### How to complete this task
Leave the images out, and copy each of the records below exactly.

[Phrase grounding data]
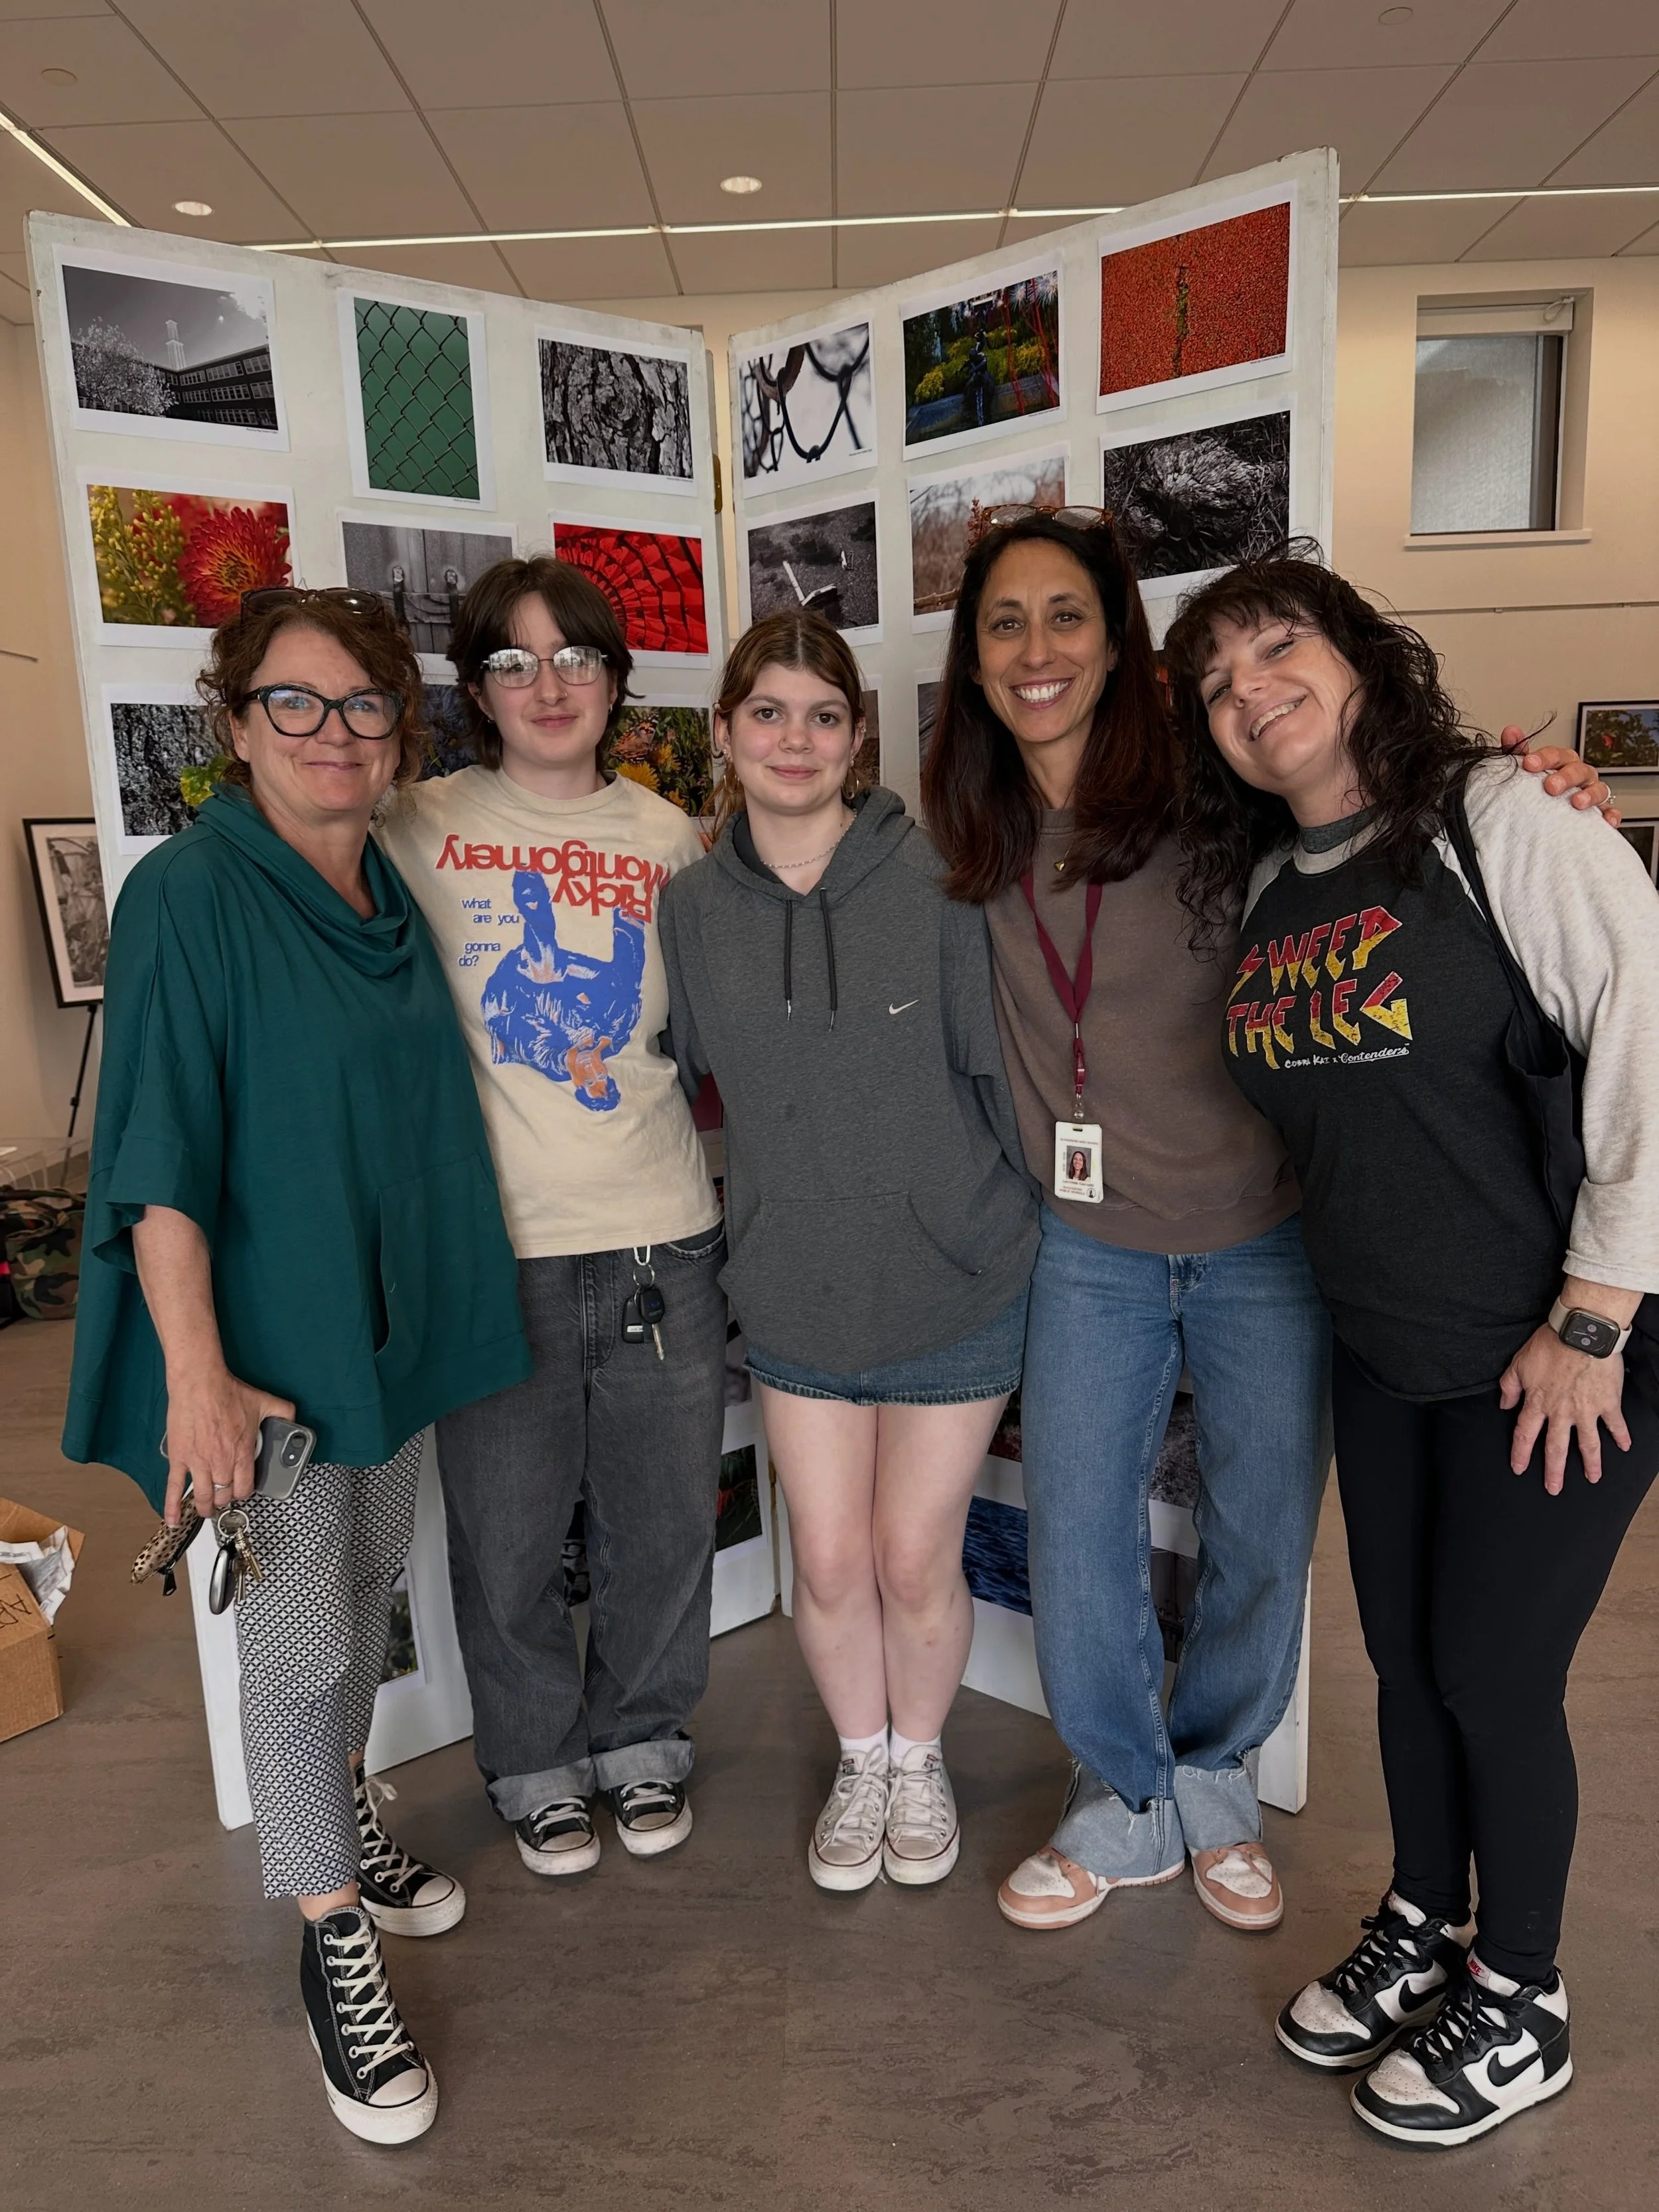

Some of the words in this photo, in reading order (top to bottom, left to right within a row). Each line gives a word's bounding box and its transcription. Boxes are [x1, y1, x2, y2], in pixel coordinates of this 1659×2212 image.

[435, 834, 670, 891] Montgomery
[461, 897, 492, 909] what
[552, 872, 651, 923] Ricky
[472, 914, 492, 923] are
[497, 914, 520, 926] you
[465, 942, 500, 954] gonna
[458, 955, 479, 966] do?
[1226, 905, 1403, 1009] SWEEP
[1226, 995, 1297, 1069] THE
[1309, 971, 1413, 1050] LEG
[1338, 1045, 1410, 1063] Contenders
[1469, 1958, 1482, 1974] NIKE

### Solution
Some of the words in this photo, in reading order (top to bottom, left to right within a row). Each line gives a word's bounding box and its transcription. Boxes are [x1, y1, x2, y2], in pixel coordinates of this 1659×2212 image.

[435, 834, 670, 891] Montgomery
[461, 897, 492, 909] what
[552, 872, 651, 923] Ricky
[472, 914, 492, 923] are
[497, 914, 520, 926] you
[465, 942, 500, 954] gonna
[458, 955, 479, 966] do?
[1226, 905, 1403, 1009] SWEEP
[1226, 995, 1297, 1069] THE
[1309, 971, 1413, 1050] LEG
[1338, 1045, 1410, 1063] Contenders
[1469, 1958, 1482, 1974] NIKE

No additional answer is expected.